Le mariage pour les gays et lesbiennes est inéluctable
La réponse du Conseil constitutionnel à la question du mariage pour les couples de même sexe ne rend que plus urgente la nécessité d'un débat au sein des instances qui gouvernent la France... (Gay, Mariage, Egalité, SOS Homophobie)
|
|
Communiqué
de presse |
Le
mariage pour les gays et lesbiennes est
inéluctable
Le
Conseil constitutionnel a été saisi d'une question prioritaire de
constitutionnalité (QPC) le 16 novembre 2010 par un couple de femmes souhaitant
se marier en France. Soutenue par les associations SOS homophobie et
l'Association des Parents et futurs parents Gays et Lesbiens (APGL), cette QPC
vient d'essuyer une fin de non-recevoir par les Sages, comme à une autre
question qui leur avait été posée concernant l'adoption pour les couples de même
sexe. Le 6 octobre 2010, le conseil avait ainsi estimé "qu'il ne lui appartient
pas de substituer son appréciation à celle du législateur sur une telle
question." (voir communiqué de presse : http://www.sos-homophobie.org/article/adoption-pour-les-couples-non-maries-le-conseil-constitutionnel-en-dehors-de-la-realite).

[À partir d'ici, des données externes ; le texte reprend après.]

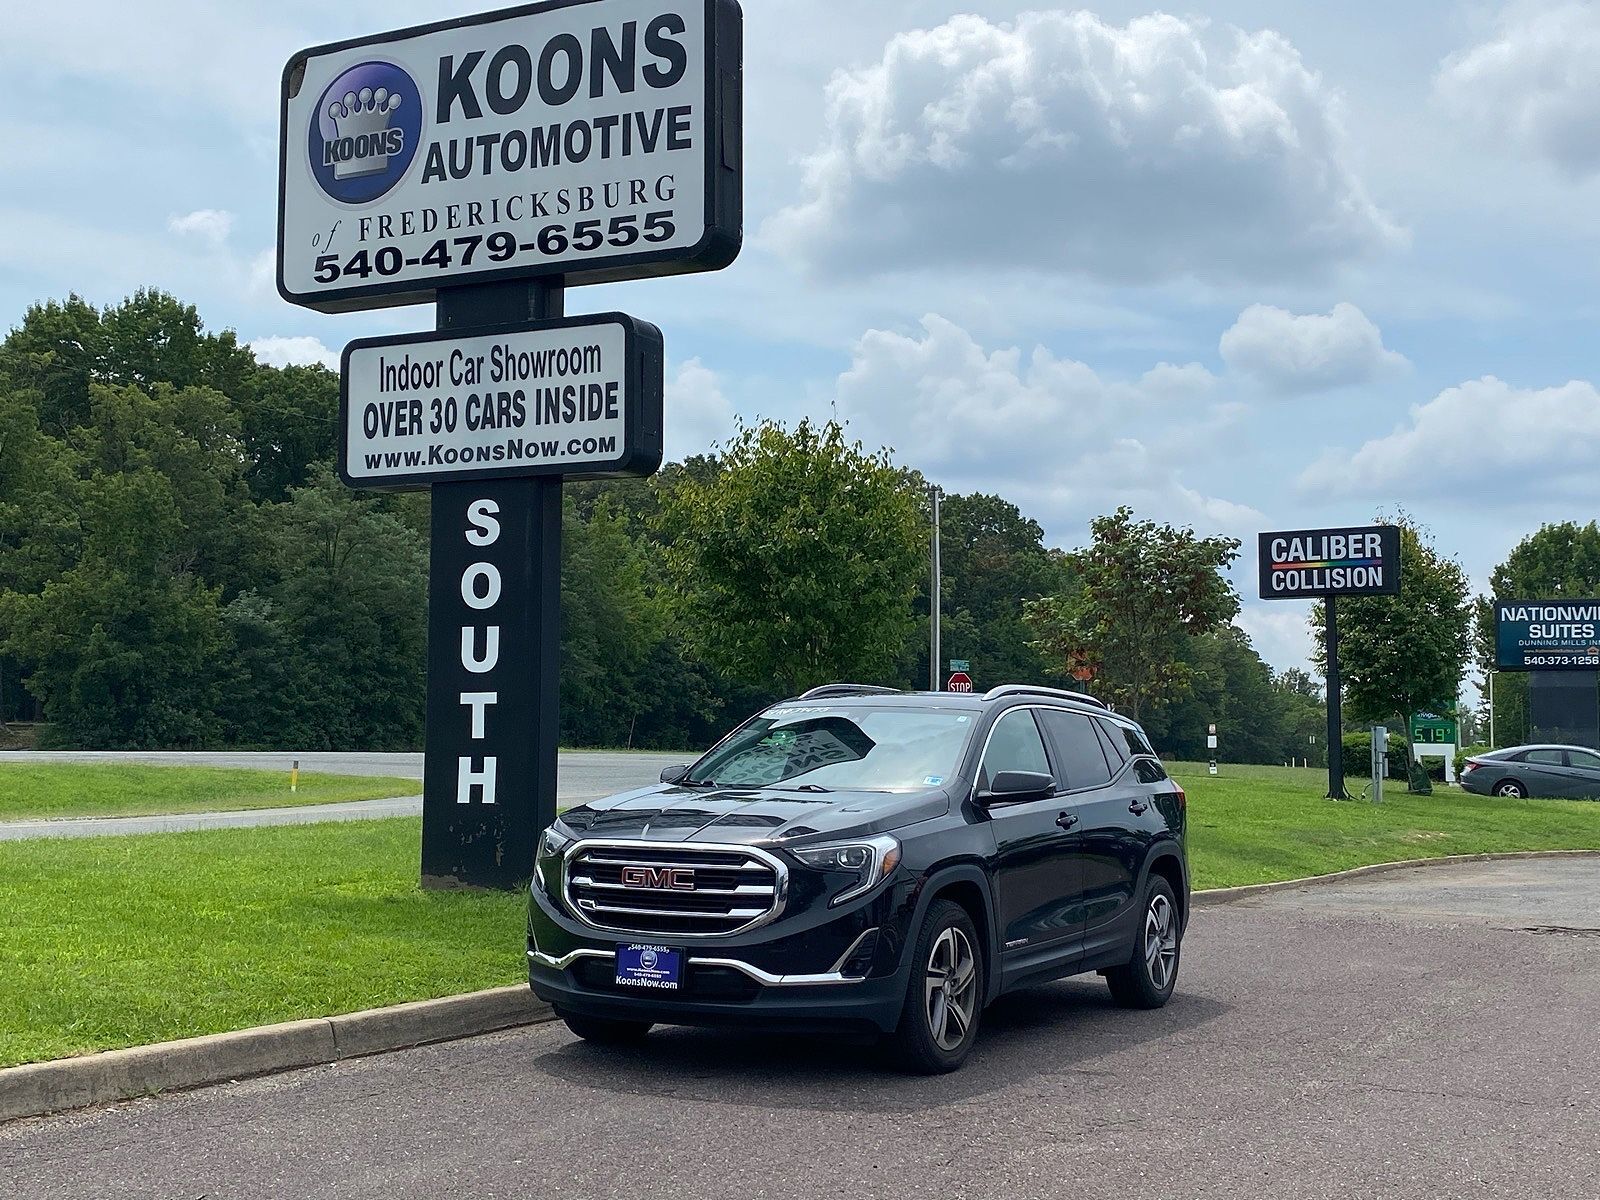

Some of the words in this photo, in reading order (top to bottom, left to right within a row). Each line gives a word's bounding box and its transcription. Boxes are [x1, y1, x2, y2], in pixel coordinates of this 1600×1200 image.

[436, 13, 688, 124] KOONS
[323, 128, 404, 166] KOONS
[421, 105, 692, 184] AUTOMOTIVE
[311, 220, 342, 254] of
[358, 174, 677, 242] FREDERICKSBURG
[313, 209, 676, 284] 540-479-6555
[379, 354, 444, 393] Indoor
[449, 348, 485, 387] Car
[490, 343, 601, 388] Showroom
[363, 399, 423, 440] OVER
[429, 396, 458, 434] 30
[465, 390, 526, 432] CARS
[535, 381, 619, 426] INSIDE
[1271, 533, 1383, 563] CALIBER
[1271, 566, 1383, 591] COLLISION
[1529, 624, 1595, 639] SUITES
[456, 499, 501, 804] SOUTH
[1524, 656, 1599, 665] 540-373-1256
[950, 682, 971, 692] STOP
[622, 866, 695, 890] GMC
[615, 975, 678, 990] KoonsNow.com

Ce 28 janvier 2010, le conseil a formulé une réponse quasi-identique, repoussant
d'encore plusieurs mois l'ouverture du mariage pour les couples de même sexe et
marquant ainsi une nette différence entre les couples hétérosexuels et les
couples homosexuels.
L'ironie du calendrier fait que cette réponse est
rendue publique le jour même où le procès des quatre agresseurs de Bruno Wiel,
qui comparaissent devant la cour d'Assises du Val-de-Marne depuis dix jours,
touche à sa fin. La situation de cet homme tabassé, torturé, victime d'actes de
barbarie et violé parce qu'il est homosexuel n'est, malgré les apparences, non
sans lien avec la QPC sur le mariage. Ces deux affaires sont inextricablement
liées l'une à l'autre. Il est nécessaire que la classe politique et la société
française l'entendent : l'inégalité des droits est la première marque
d'homophobie. Elle autorise et favorise la non-reconnaissance des personnes
homosexuelles. Et donc les discriminations, insultes, injures, harcèlements,
coups, dont sont victimes chaque année plusieurs milliers de gays et lesbiennes.

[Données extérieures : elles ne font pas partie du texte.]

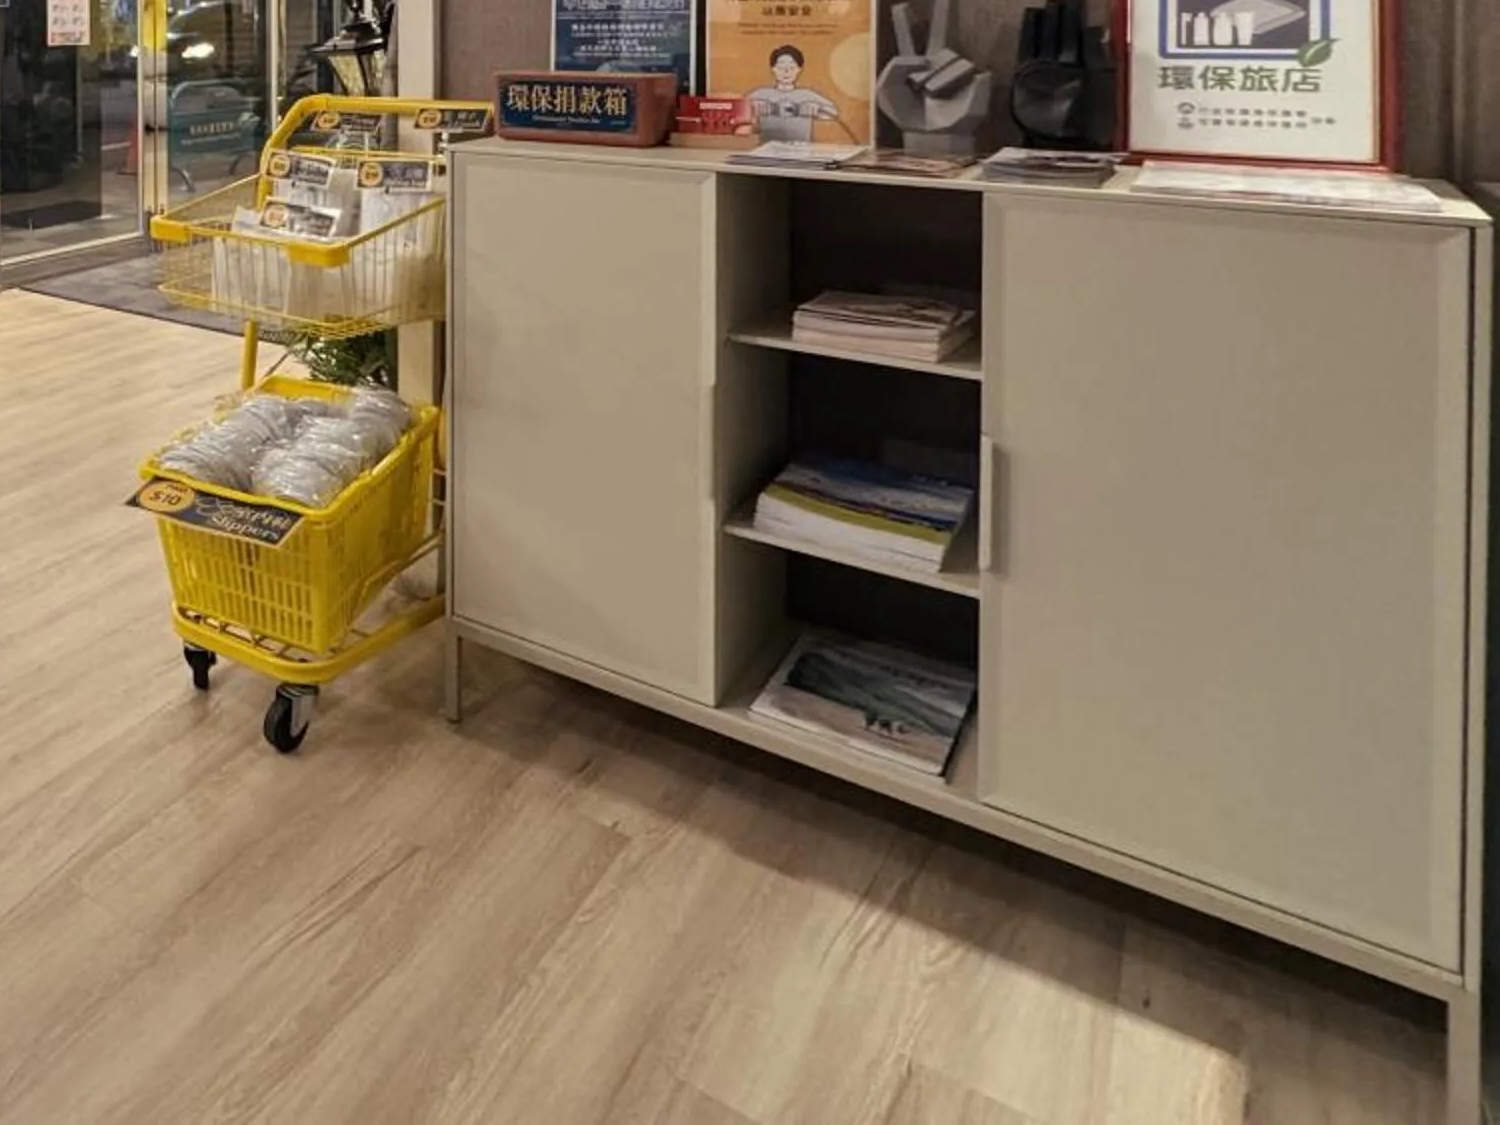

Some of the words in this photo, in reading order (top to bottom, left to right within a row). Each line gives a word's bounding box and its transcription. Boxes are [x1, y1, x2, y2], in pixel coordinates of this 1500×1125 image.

Car dans une société qui ne reconnaît pas le droit aux personnes homosexuelles
de vivre leurs désirs et leurs sentiments avec la même liberté que les
hétérosexuels, comment peut-on prétendre lutter contre les discriminations dont
ils et elles sont victimes quand l'une des valeurs fondamentales de la
république, l'Egalité, est bafouée ?
Dans ses arguments le conseil
constitutionnel indique entre autre :
"...que le droit de mener une vie
familiale normale n'implique pas le droit de se marier pour les couples de même
sexe, que, par suite, les dispositions critiquées ne portent pas atteinte au
droit de mener une vie familiale normale"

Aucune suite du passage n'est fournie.